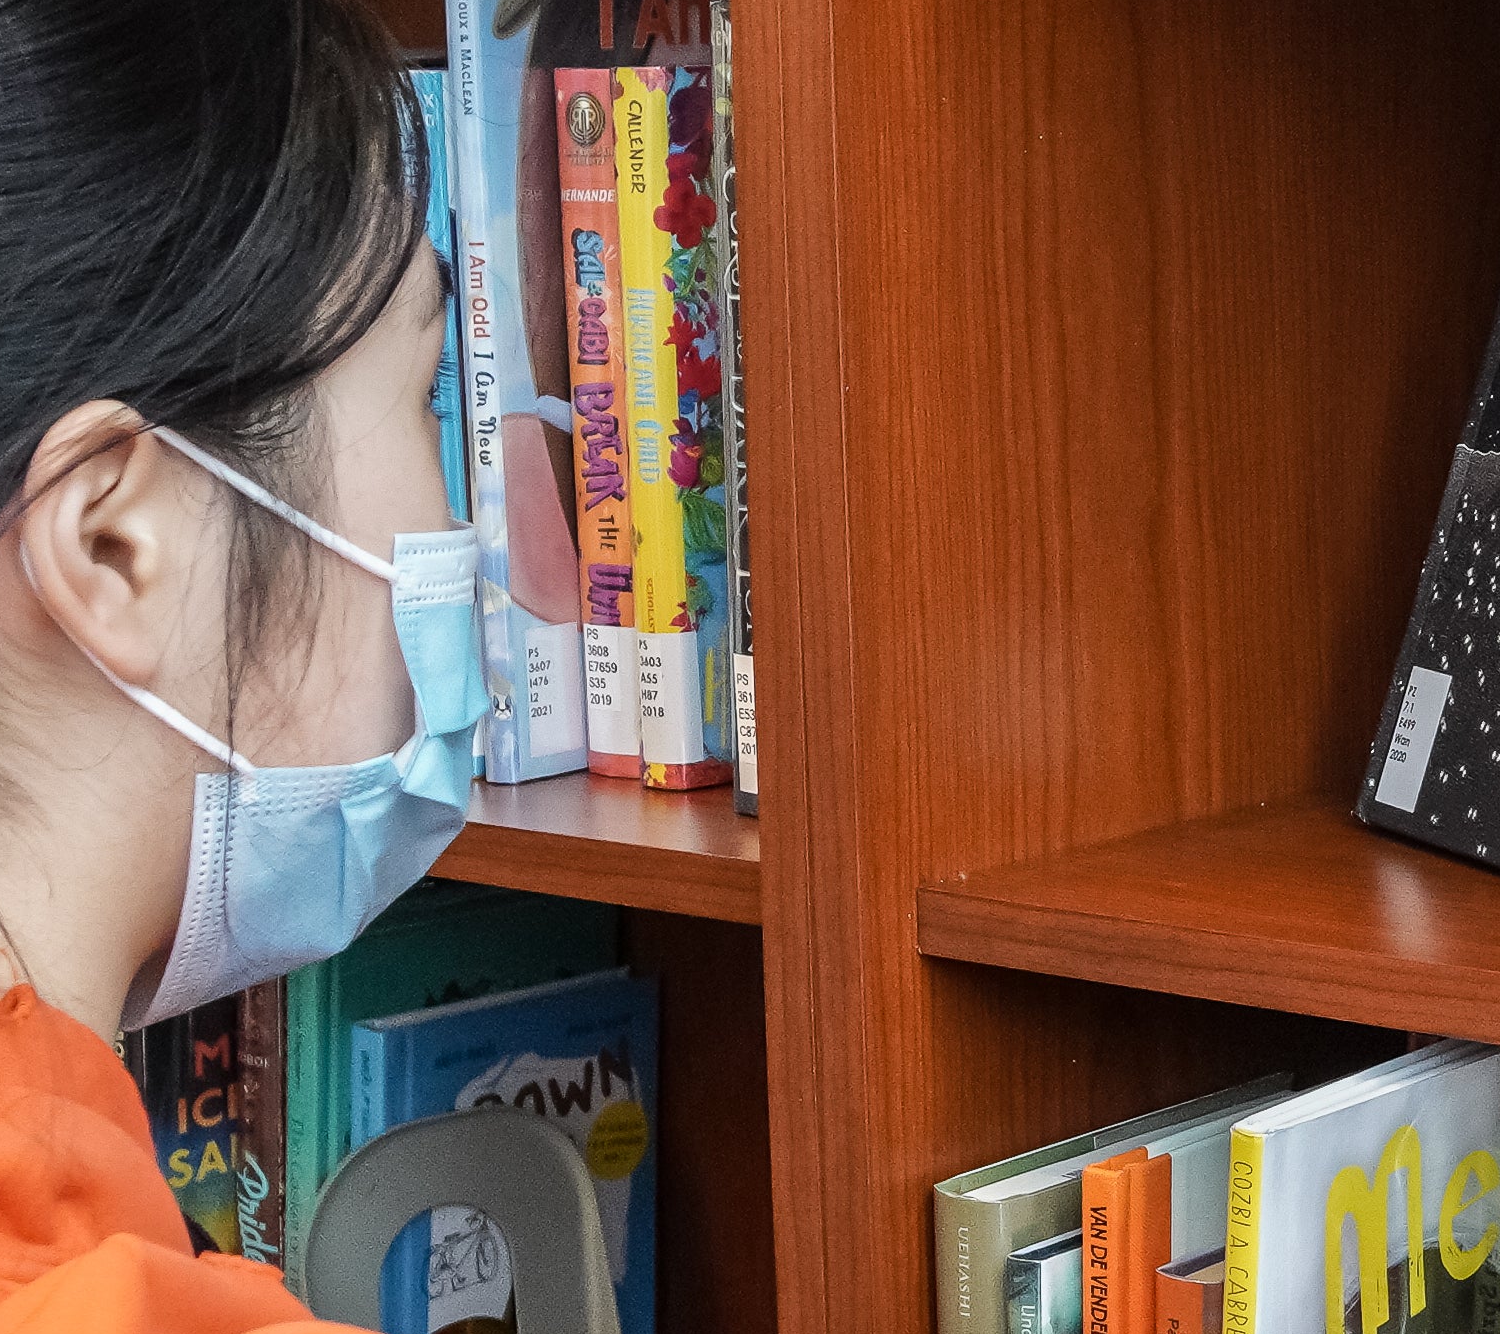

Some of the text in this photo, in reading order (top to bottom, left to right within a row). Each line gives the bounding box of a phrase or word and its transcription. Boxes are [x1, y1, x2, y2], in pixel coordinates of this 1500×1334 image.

[628, 99, 647, 194] CALLENDER
[573, 382, 627, 512] BREAK
[587, 645, 609, 657] 3608
[590, 693, 612, 705] 2019
[642, 706, 664, 718] 2018
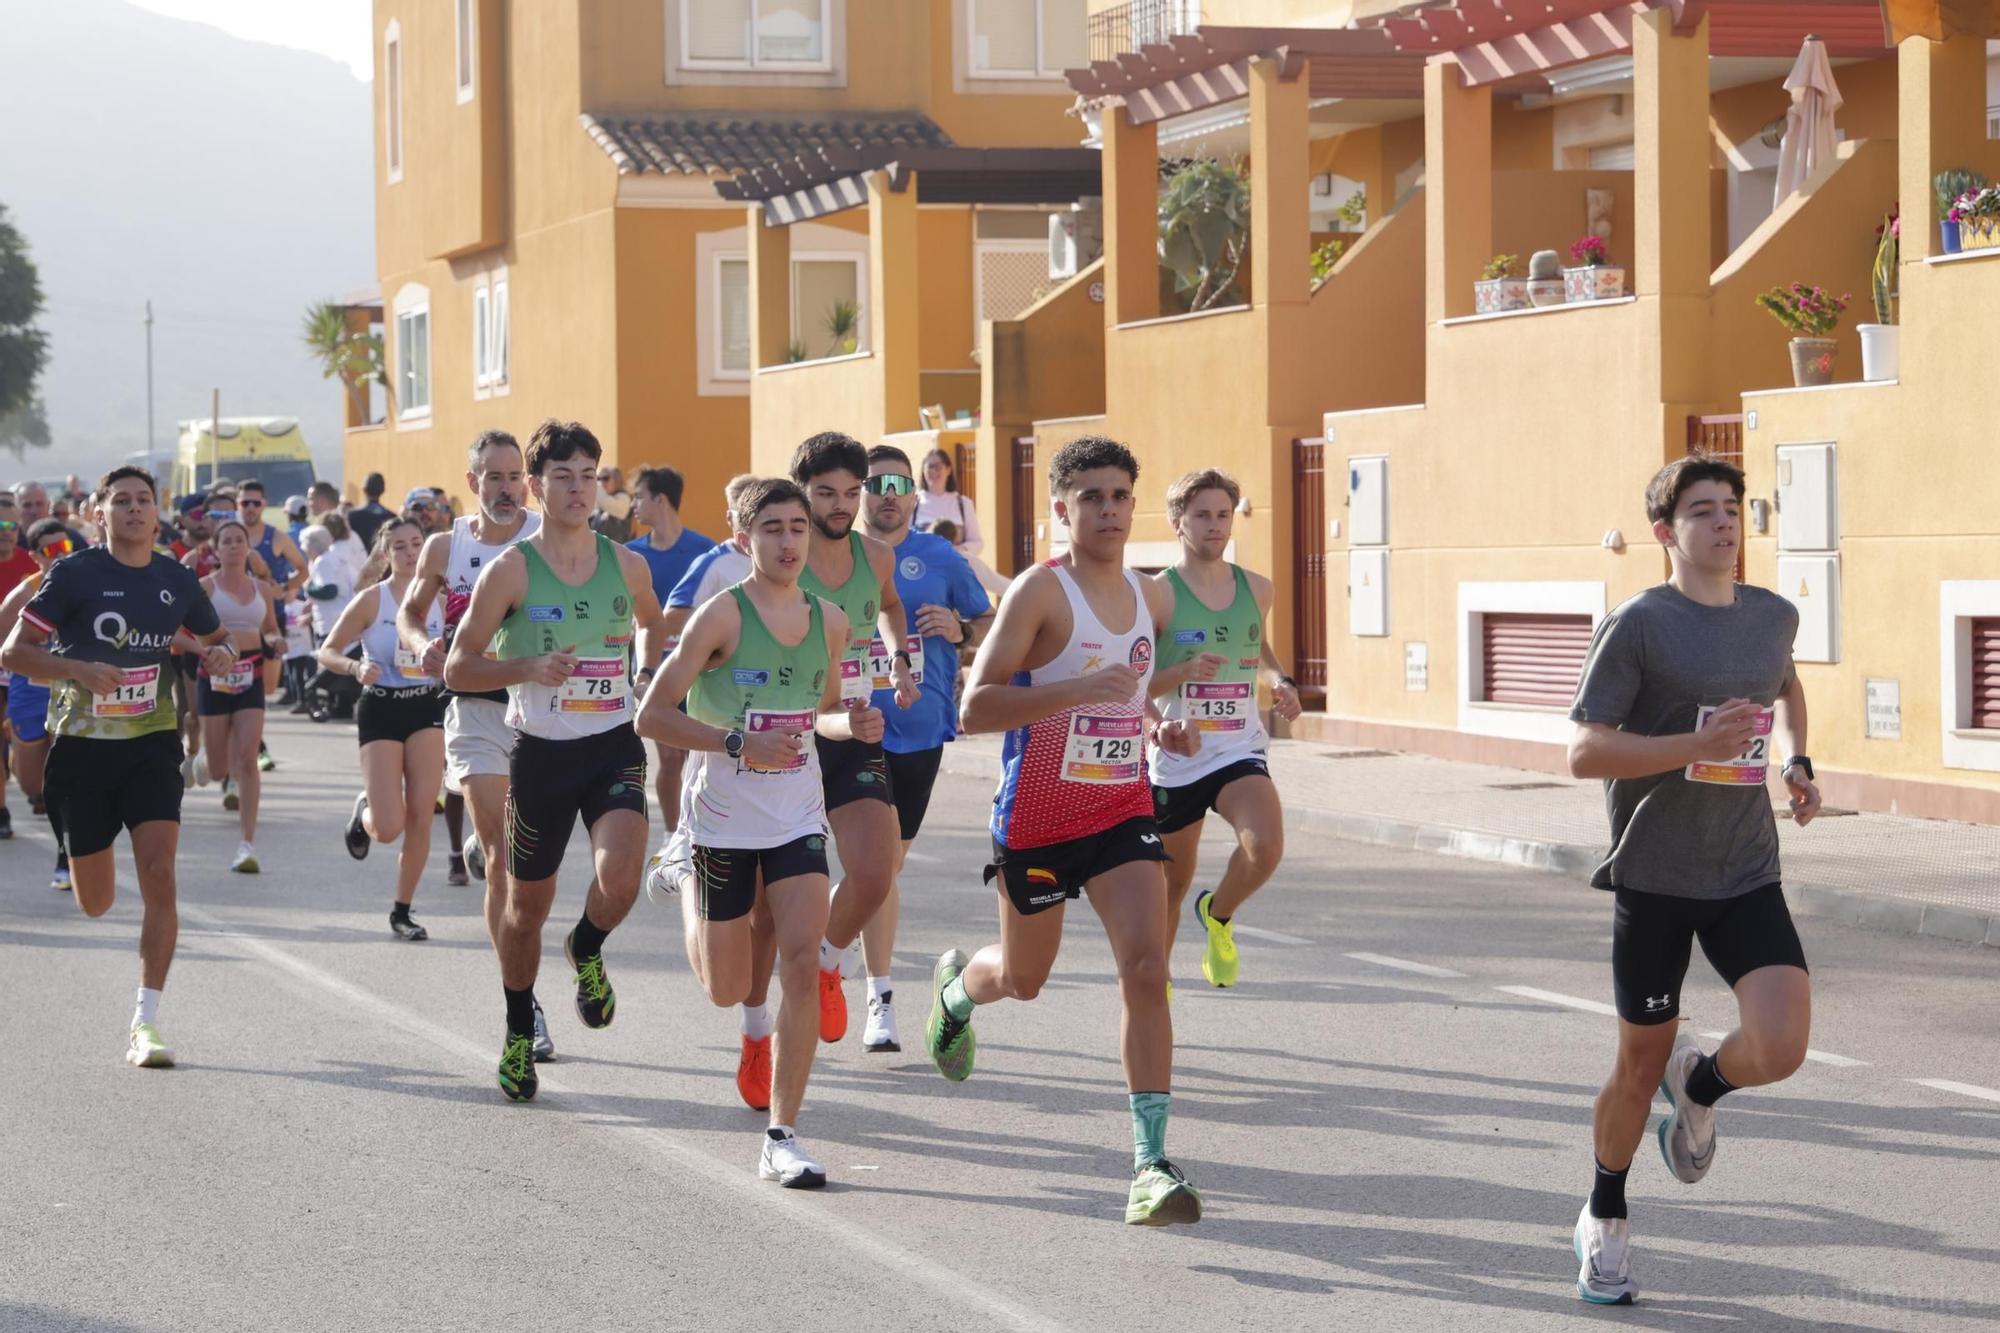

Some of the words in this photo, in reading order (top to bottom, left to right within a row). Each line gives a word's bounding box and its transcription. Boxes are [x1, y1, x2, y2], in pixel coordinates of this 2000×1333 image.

[114, 685, 146, 700] 114
[586, 679, 612, 695] 78
[1202, 700, 1236, 716] 135
[1092, 739, 1132, 759] 129
---*---
Your answer is the line containing "Some of the words" plus every line after it through the end of the entries, given again exactly and alone.

Some of the words in this photo, in reading order (top to bottom, left to right within a row). Each line gives a word's bounding box and its transcription. Boxes are [x1, y1, x2, y2], in pixel coordinates of this 2000×1333 image.

[114, 685, 146, 700] 114
[586, 679, 612, 695] 78
[1202, 700, 1236, 716] 135
[1092, 739, 1132, 759] 129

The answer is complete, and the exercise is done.